_WORK INSTRUCTION:_ Reproduce, word for word, all of the records; the pictures stay out.

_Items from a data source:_
_ _ _
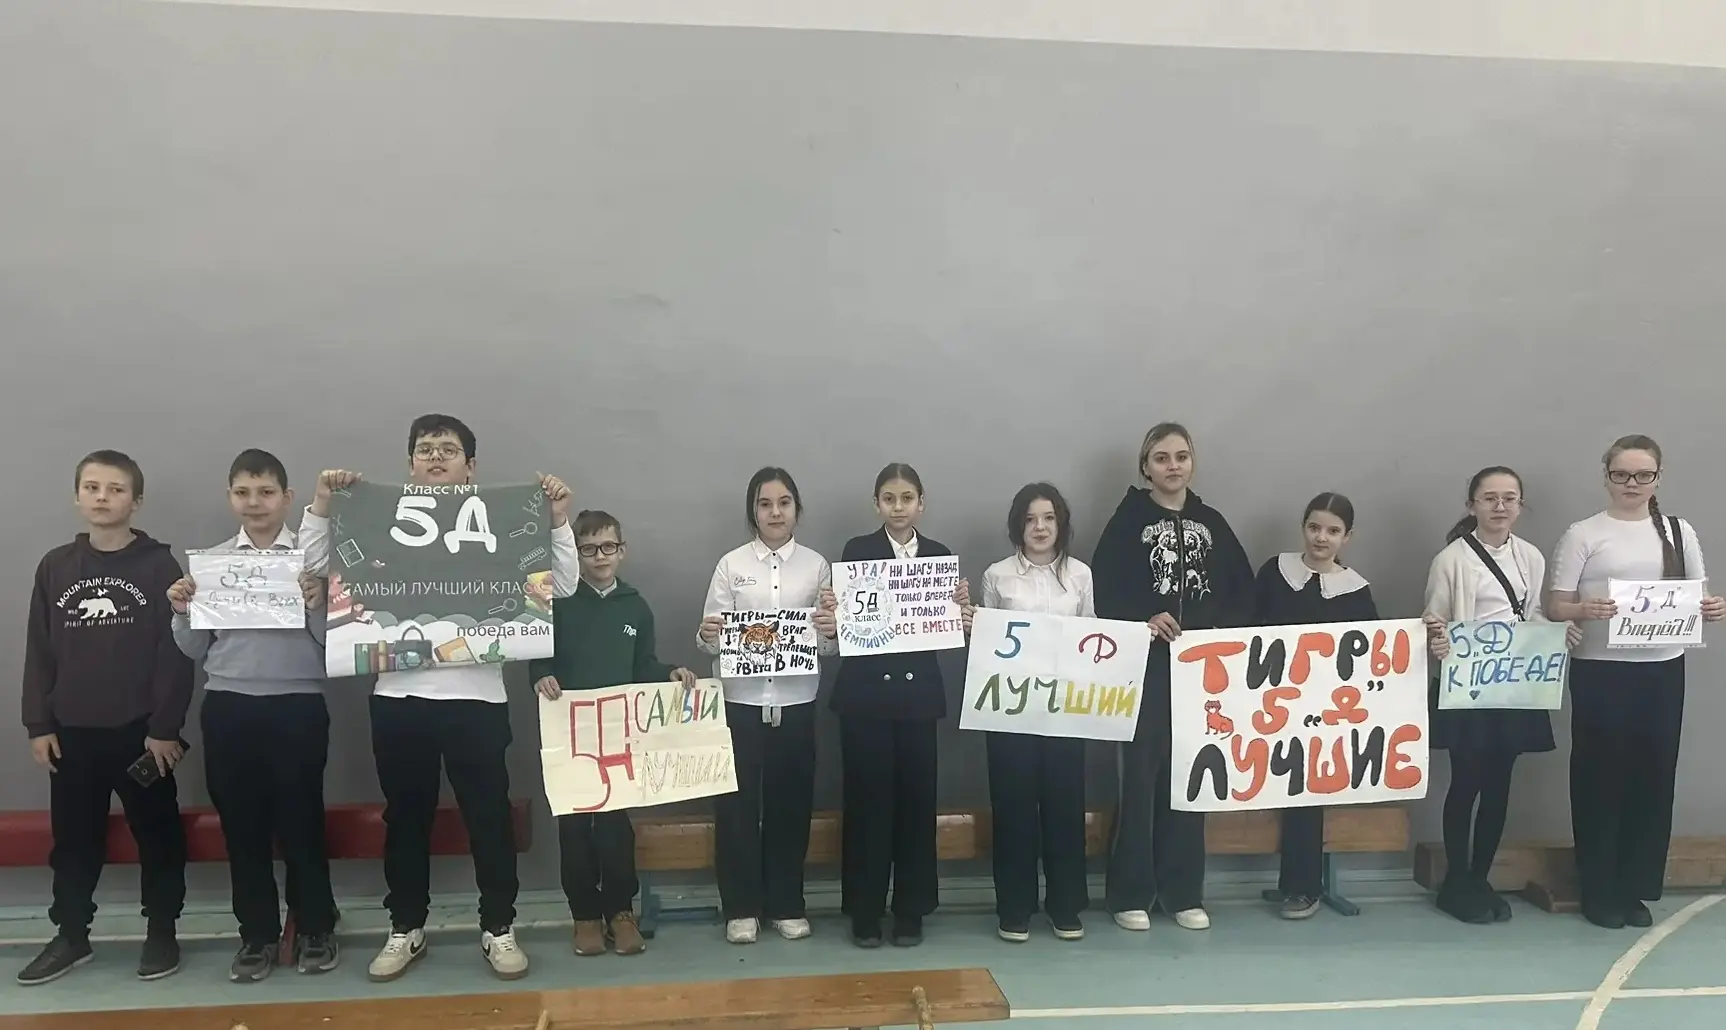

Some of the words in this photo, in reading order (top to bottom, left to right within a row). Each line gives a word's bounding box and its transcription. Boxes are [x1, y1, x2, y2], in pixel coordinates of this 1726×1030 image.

[403, 483, 450, 495] Класс
[454, 483, 479, 495] №1
[389, 495, 497, 554] 5Д
[847, 561, 887, 580] УРА!
[889, 565, 903, 578] НИ
[906, 562, 933, 576] ШАГУ
[935, 562, 958, 574] НАЗАД
[56, 577, 102, 609] MOUNTAIN
[103, 576, 147, 606] EXPLORER
[410, 579, 485, 595] ЛУЧШИЙ
[888, 579, 900, 590] НИ
[900, 577, 921, 590] ШАГУ
[922, 578, 932, 588] НА
[932, 575, 959, 587] МЕСТЕ
[852, 590, 880, 615] 5Д
[895, 591, 922, 603] ТОЛЬКО
[1630, 585, 1655, 614] 5
[720, 610, 765, 625] ТИГРЫ
[777, 609, 807, 621] СИЛА
[854, 613, 881, 623] класс
[900, 607, 907, 617] И
[910, 605, 946, 617] ТОЛЬКО
[456, 625, 516, 639] победа
[520, 625, 550, 636] вам
[782, 624, 807, 636] ВРАГ
[840, 623, 897, 649] ЧЕМПИОНЫ
[895, 622, 916, 636] ВСЕ
[922, 618, 963, 634] ВМЕСТЕ
[994, 621, 1031, 659] 5
[1078, 632, 1118, 664] Д
[1449, 622, 1471, 659] 5
[775, 653, 786, 672] В
[790, 654, 815, 671] НОЧЬ
[1177, 628, 1410, 695] ТИГРЫ
[1448, 664, 1463, 693] К
[973, 673, 1138, 718] ЛУЧШИЙ
[634, 684, 720, 733] САМЫЙ
[1251, 686, 1302, 736] 5
[1186, 724, 1422, 803] ЛУЧШИЕ
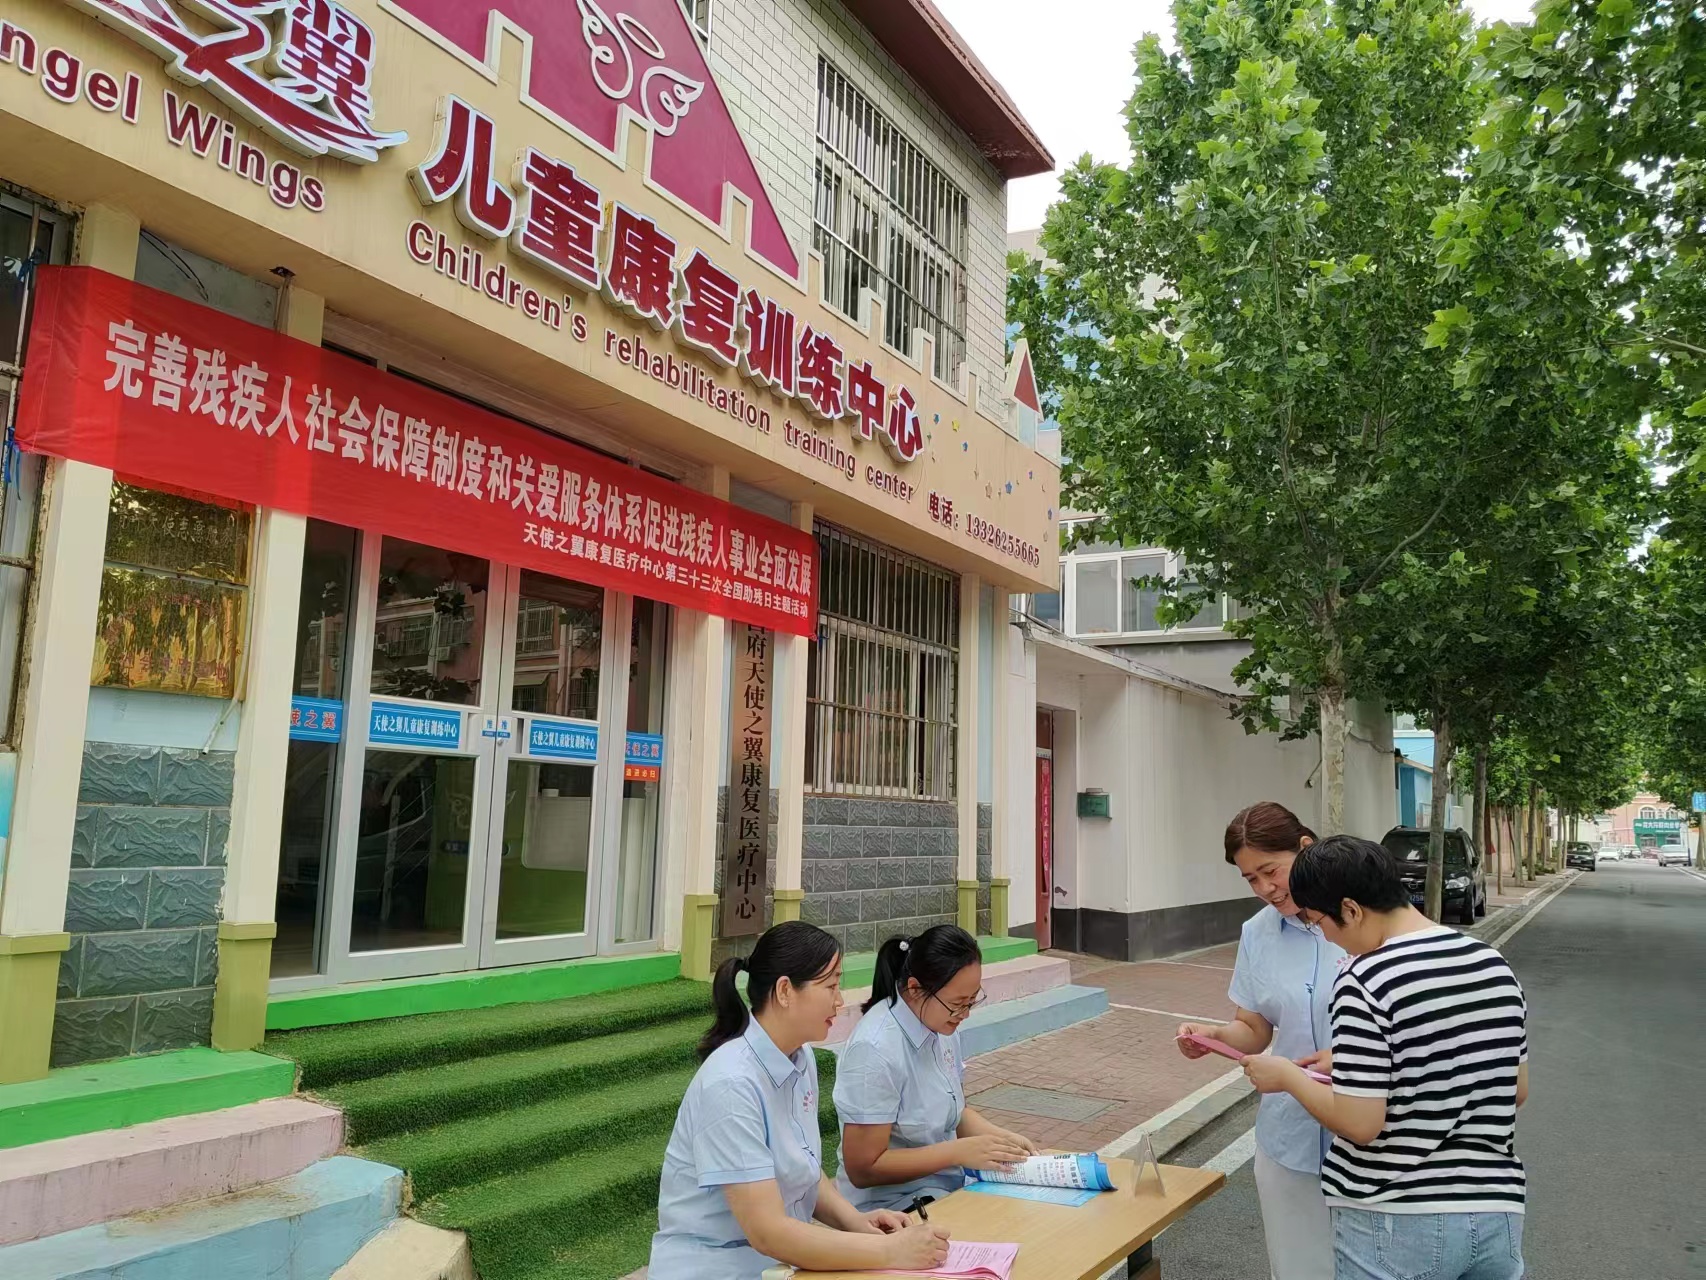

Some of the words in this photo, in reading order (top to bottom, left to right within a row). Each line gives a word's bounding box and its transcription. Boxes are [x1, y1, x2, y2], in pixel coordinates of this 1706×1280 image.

[163, 88, 326, 212] Wings
[416, 94, 924, 463] 儿童康复训练中心
[407, 219, 588, 342] Children's
[604, 327, 772, 435] rehabilitation
[784, 418, 857, 482] training
[865, 461, 915, 504] center
[104, 319, 811, 598] 完善残疾人社会保障制度和关爱服务体系促进残疾人事业全面发展
[523, 522, 808, 619] 天使之翼康复医疗中心第三十三次全国助残日主题活动
[966, 513, 1040, 567] 13326255665
[373, 714, 458, 737] 天使之翼儿童康复训练中心
[532, 730, 596, 750] 天使之翼儿童康复训练中心
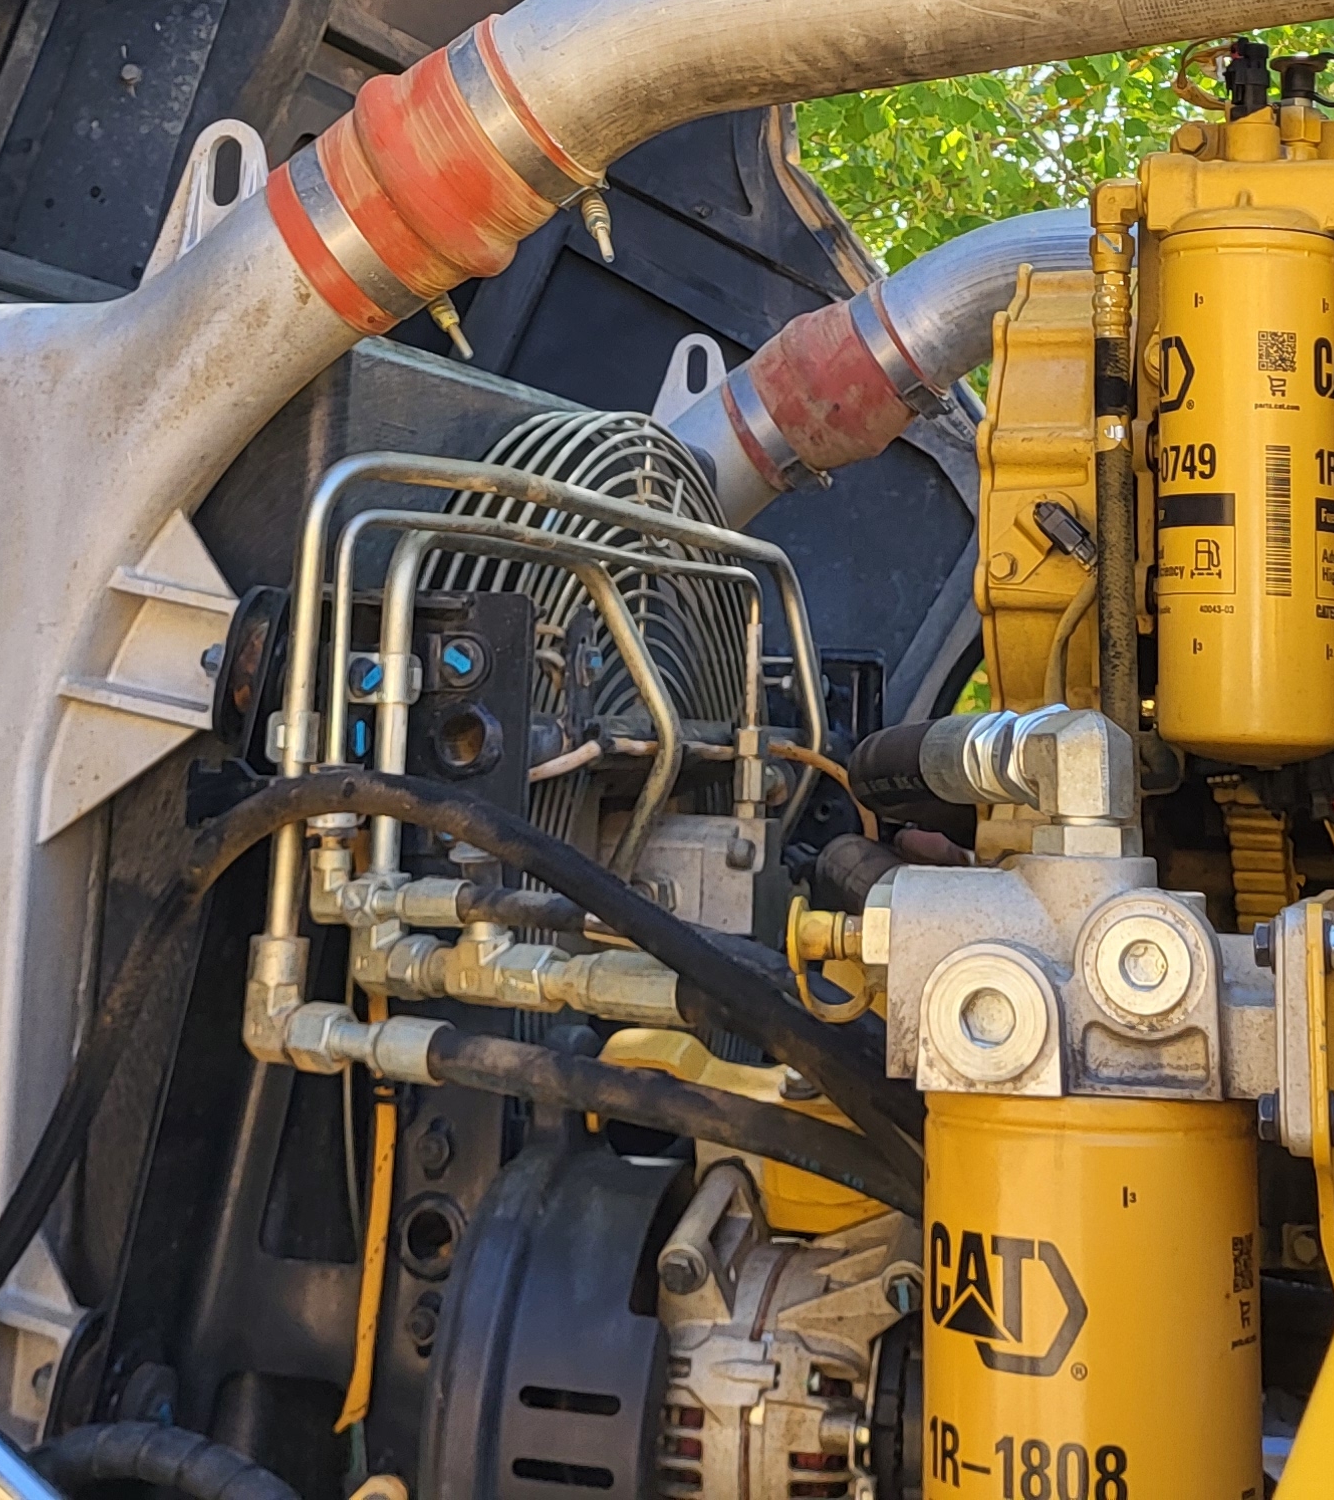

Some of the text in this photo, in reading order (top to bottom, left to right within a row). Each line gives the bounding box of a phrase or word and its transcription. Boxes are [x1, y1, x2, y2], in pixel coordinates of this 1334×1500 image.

[1253, 402, 1301, 412] parts.cat.com
[930, 1220, 1036, 1343] CAT
[929, 1414, 1127, 1500] 1R-1808
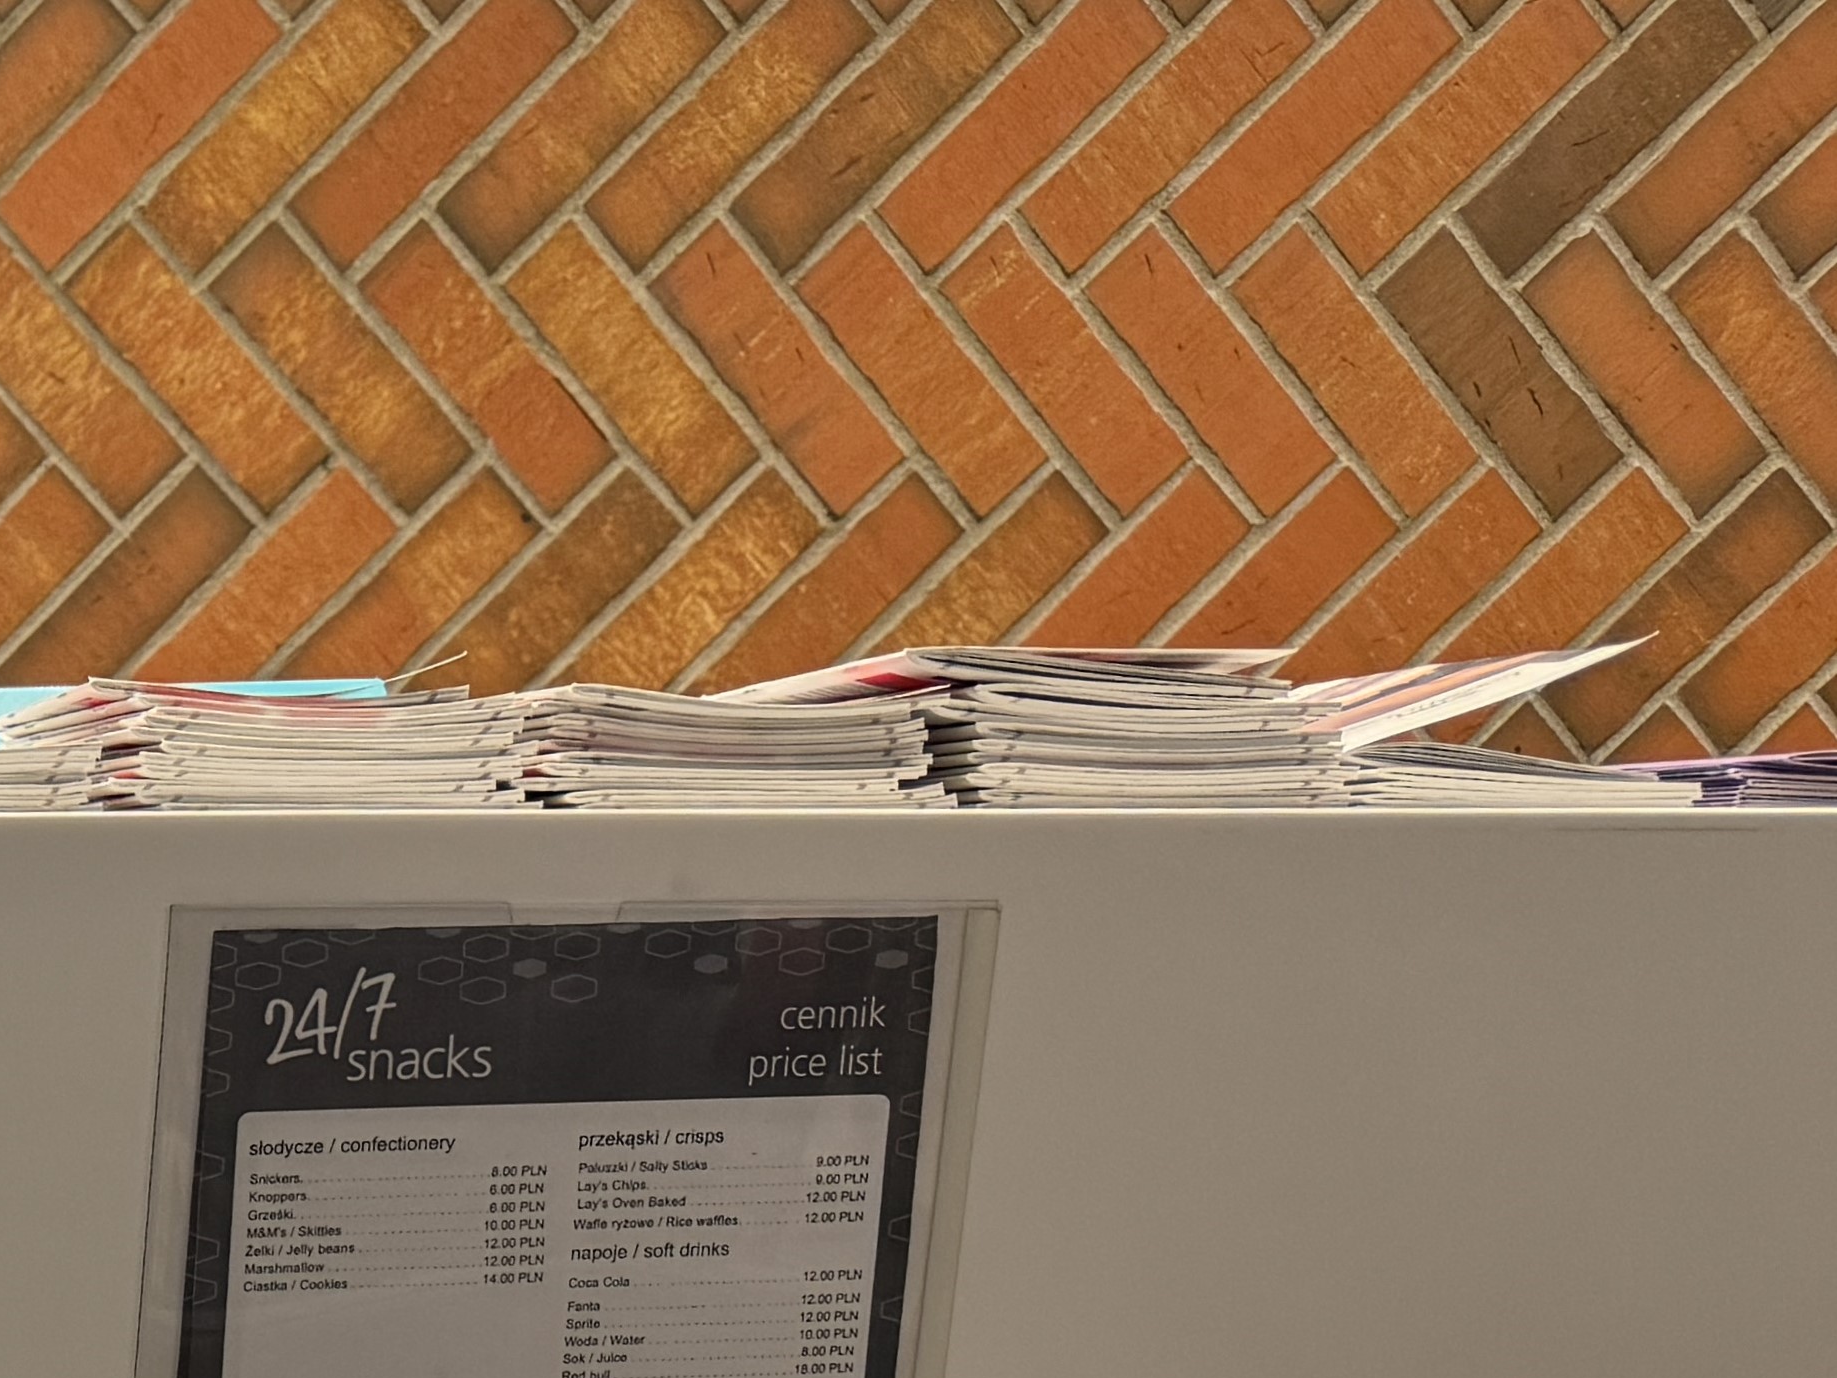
_ _ _
_THE ANSWER:_
Some of the words in this photo, in reading order (top to bottom, left to right within a row). Each line gives a word's bounding box and its transcription. Boxes are [x1, y1, x2, y2], in pixel coordinates of this 1726×1030 image.

[403, 483, 450, 495] Класс
[454, 483, 479, 495] №1
[389, 495, 497, 554] 5Д
[847, 561, 887, 580] УРА!
[889, 565, 903, 578] НИ
[906, 562, 933, 576] ШАГУ
[935, 562, 958, 574] НАЗАД
[56, 577, 102, 609] MOUNTAIN
[103, 576, 147, 606] EXPLORER
[410, 579, 485, 595] ЛУЧШИЙ
[888, 579, 900, 590] НИ
[900, 577, 921, 590] ШАГУ
[922, 578, 932, 588] НА
[932, 575, 959, 587] МЕСТЕ
[852, 590, 880, 615] 5Д
[895, 591, 922, 603] ТОЛЬКО
[1630, 585, 1655, 614] 5
[720, 610, 765, 625] ТИГРЫ
[777, 609, 807, 621] СИЛА
[854, 613, 881, 623] класс
[900, 607, 907, 617] И
[910, 605, 946, 617] ТОЛЬКО
[456, 625, 516, 639] победа
[520, 625, 550, 636] вам
[782, 624, 807, 636] ВРАГ
[840, 623, 897, 649] ЧЕМПИОНЫ
[895, 622, 916, 636] ВСЕ
[922, 618, 963, 634] ВМЕСТЕ
[994, 621, 1031, 659] 5
[1078, 632, 1118, 664] Д
[1449, 622, 1471, 659] 5
[775, 653, 786, 672] В
[790, 654, 815, 671] НОЧЬ
[1177, 628, 1410, 695] ТИГРЫ
[1448, 664, 1463, 693] К
[973, 673, 1138, 718] ЛУЧШИЙ
[634, 684, 720, 733] САМЫЙ
[1251, 686, 1302, 736] 5
[1186, 724, 1422, 803] ЛУЧШИЕ

Some of the words in this photo, in reading order (top to bottom, left to right within a row). Each line gives a word's bounding box and its transcription. Boxes are [x1, y1, x2, y2], in pixel coordinates of this 1706×1280 image.

[163, 88, 326, 212] Wings
[416, 94, 924, 463] 儿童康复训练中心
[407, 219, 588, 342] Children's
[604, 327, 772, 435] rehabilitation
[784, 418, 857, 482] training
[865, 461, 915, 504] center
[104, 319, 811, 598] 完善残疾人社会保障制度和关爱服务体系促进残疾人事业全面发展
[523, 522, 808, 619] 天使之翼康复医疗中心第三十三次全国助残日主题活动
[966, 513, 1040, 567] 13326255665
[373, 714, 458, 737] 天使之翼儿童康复训练中心
[532, 730, 596, 750] 天使之翼儿童康复训练中心

Some of the text in this photo, in reading order (top to bottom, left to right within a row). Each line gives the bounding box of a phrase or word and its transcription. Boxes are [x1, y1, x2, y2], in pixel coordinates of this 1334×1500 image.

[1253, 402, 1301, 412] parts.cat.com
[930, 1220, 1036, 1343] CAT
[929, 1414, 1127, 1500] 1R-1808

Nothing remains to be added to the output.